Economic conditions in a number of countries have deteriorated recently, contributing to a sense of disillusionment and frustration among the population and especially youth. In Egypt and Tunisia, for example, citizen attitude surveys indicate that 83 percent of Tunisians and more than 70 percent of Egyptians are unhappy with current economic conditions (Pew Research Center 2012). Youth unemployment is a grave concern.
Official unemployment figures tend to underestimate the magnitude of the problem, and especially the problems related to youth exclusion and women’s access to jobs.

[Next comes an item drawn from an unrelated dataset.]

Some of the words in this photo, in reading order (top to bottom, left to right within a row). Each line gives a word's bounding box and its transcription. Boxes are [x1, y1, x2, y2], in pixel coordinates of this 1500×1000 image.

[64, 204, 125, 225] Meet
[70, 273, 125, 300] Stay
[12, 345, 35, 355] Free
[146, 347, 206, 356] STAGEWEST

In Tunisia, for instance, youth make up 33 percent of the labor force but account for 75 percent of the unemployed. Most governments have so far concentrated on stimulating labor’s demand side (e.g., through investment climate policies) but have been paying less attention to the supply side (e.g., ensuring that youth have the necessary skills to compete in the labor market).

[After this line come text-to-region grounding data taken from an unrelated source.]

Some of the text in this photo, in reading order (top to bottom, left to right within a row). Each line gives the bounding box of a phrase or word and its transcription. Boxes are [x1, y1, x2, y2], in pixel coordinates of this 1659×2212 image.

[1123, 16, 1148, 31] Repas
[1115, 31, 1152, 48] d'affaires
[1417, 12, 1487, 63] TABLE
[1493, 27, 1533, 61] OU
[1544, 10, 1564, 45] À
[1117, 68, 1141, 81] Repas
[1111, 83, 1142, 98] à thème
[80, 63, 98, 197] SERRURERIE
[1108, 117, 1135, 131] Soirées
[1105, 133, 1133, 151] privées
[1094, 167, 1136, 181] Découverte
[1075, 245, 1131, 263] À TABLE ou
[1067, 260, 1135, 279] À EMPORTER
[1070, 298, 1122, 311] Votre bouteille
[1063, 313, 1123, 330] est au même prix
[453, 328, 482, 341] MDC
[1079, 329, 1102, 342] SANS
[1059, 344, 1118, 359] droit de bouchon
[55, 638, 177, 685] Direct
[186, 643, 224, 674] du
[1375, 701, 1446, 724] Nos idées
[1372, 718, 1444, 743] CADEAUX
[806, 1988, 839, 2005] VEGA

The purpose of this report is to shine a spotlight on education in the Arab world at a time when most public
attention is focused elsewhere, and thereby to open a dialogue about this key issue. It is crucial now, more
than ever, to provide support for the ongoing efforts of Arab educationalists—the many actors and innovators
who are working day by day to provide education to the region’s young people. Progressive and smart
investments in education made today, including those focused on children affected by conflict, will reap large
benefits in the future.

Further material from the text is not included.